Lega Serie A, la resa di Miccichè:
«Ma non mi sono sentito tradito»

Lunedì 2 Dicembre 2019
«Non mi sono sentito tradito, quindi va benissimo così». Lo dice l'ex presidente della Lega Serie A, Gaetano Miccichè, riguardo le sue recenti dimissioni. «Ho lavorato quasi venti mesi - aggiunge Miccichè, a margine del convegno 'L'importante è pareggiarè - in un mondo interessante, di grande passione. Credo di aver fatto il mio dovere, di aver messo entusiasmo, passione, la mia voglia di creare regole e di perseguire l'interesse generale di tutte e venti i club, anziché quello di uno o due squadre».

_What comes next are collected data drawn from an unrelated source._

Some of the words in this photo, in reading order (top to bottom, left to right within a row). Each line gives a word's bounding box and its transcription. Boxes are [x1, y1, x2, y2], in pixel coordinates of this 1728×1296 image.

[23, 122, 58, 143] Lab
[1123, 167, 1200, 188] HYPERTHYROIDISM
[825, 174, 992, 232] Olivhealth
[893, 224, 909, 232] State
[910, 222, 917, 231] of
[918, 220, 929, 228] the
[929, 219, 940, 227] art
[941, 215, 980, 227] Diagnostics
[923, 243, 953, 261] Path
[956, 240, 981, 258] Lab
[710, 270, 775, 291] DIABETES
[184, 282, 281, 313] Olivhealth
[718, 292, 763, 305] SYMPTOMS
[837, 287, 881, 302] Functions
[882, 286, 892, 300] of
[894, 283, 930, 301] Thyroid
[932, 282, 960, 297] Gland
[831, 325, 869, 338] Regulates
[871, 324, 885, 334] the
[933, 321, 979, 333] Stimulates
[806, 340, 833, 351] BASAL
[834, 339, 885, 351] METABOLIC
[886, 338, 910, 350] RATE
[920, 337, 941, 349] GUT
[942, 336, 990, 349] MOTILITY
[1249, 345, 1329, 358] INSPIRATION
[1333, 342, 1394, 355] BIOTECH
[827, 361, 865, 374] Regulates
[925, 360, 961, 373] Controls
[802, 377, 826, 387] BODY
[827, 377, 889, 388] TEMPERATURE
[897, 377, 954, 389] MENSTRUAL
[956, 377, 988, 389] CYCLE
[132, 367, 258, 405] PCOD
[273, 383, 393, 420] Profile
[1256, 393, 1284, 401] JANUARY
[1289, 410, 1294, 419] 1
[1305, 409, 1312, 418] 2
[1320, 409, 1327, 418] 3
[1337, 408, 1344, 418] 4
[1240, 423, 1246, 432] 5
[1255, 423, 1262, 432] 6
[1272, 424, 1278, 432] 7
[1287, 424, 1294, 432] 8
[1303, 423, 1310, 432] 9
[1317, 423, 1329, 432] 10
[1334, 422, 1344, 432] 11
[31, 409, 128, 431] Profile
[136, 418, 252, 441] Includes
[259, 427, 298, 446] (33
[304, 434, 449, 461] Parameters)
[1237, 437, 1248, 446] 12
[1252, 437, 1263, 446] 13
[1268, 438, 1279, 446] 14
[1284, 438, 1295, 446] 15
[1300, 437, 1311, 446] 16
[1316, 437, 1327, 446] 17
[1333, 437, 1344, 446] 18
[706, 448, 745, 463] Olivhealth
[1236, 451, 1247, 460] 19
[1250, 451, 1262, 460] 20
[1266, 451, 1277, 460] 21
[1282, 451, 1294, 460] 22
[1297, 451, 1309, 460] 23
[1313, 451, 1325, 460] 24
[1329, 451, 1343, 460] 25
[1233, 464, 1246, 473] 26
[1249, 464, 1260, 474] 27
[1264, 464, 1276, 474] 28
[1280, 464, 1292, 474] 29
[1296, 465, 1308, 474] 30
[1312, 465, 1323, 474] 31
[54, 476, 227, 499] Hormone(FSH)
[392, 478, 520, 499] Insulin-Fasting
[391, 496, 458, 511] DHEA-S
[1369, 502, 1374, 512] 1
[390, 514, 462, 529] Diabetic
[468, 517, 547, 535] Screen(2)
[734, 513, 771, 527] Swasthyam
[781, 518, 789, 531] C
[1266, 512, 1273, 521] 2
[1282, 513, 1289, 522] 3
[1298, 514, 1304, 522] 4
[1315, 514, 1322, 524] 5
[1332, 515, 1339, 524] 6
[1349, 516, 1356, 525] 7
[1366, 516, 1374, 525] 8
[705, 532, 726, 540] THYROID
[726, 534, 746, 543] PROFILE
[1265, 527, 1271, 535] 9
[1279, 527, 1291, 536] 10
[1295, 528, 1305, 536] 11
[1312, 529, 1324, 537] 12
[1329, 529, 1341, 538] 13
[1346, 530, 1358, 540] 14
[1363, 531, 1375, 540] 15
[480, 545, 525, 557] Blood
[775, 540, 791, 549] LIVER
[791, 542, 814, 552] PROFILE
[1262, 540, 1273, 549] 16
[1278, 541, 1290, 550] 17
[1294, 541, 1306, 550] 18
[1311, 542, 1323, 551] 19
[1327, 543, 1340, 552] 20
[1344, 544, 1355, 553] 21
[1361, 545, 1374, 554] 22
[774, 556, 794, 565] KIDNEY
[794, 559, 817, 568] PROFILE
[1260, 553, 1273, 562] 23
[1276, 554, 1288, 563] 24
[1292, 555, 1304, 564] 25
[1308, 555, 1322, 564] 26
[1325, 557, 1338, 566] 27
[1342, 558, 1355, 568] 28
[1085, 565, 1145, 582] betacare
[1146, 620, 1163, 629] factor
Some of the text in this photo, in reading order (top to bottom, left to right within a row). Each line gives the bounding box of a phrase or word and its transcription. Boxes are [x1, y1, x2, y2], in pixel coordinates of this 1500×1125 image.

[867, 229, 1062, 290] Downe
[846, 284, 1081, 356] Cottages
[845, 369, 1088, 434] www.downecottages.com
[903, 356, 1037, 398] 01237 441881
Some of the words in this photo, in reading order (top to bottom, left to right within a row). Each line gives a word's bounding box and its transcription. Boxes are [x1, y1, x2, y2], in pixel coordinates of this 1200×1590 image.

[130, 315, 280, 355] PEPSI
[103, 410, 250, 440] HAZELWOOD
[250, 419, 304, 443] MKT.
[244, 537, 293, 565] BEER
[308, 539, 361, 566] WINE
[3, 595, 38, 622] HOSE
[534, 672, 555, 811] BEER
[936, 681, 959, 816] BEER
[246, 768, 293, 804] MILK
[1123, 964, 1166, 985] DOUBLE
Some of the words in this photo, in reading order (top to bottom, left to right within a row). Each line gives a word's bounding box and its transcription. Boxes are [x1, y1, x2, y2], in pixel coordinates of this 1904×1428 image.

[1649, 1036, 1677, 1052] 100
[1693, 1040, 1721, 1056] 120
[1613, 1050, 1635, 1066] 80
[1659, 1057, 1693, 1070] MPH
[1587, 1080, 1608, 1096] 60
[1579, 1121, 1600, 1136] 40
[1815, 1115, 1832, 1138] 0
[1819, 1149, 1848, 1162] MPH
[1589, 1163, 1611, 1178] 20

«Nessuno mi ha chiamato, non è una ipotesi attuale». Gaetano Miccichè chiude alla possibilità di un suo bis come presidente della Lega Serie A. Miccichè auspica che la Lega - chiamata oggi a votare il nuovo presidente - «ritrovi una governance normale»: «Possano i venti azionisti trovare delle soluzioni che siano le migliori per il presente e per il futuro del calcio italiano». Qualora i club non dovessero eleggere un presidente, Mario Cicala sarà commissario ad acta.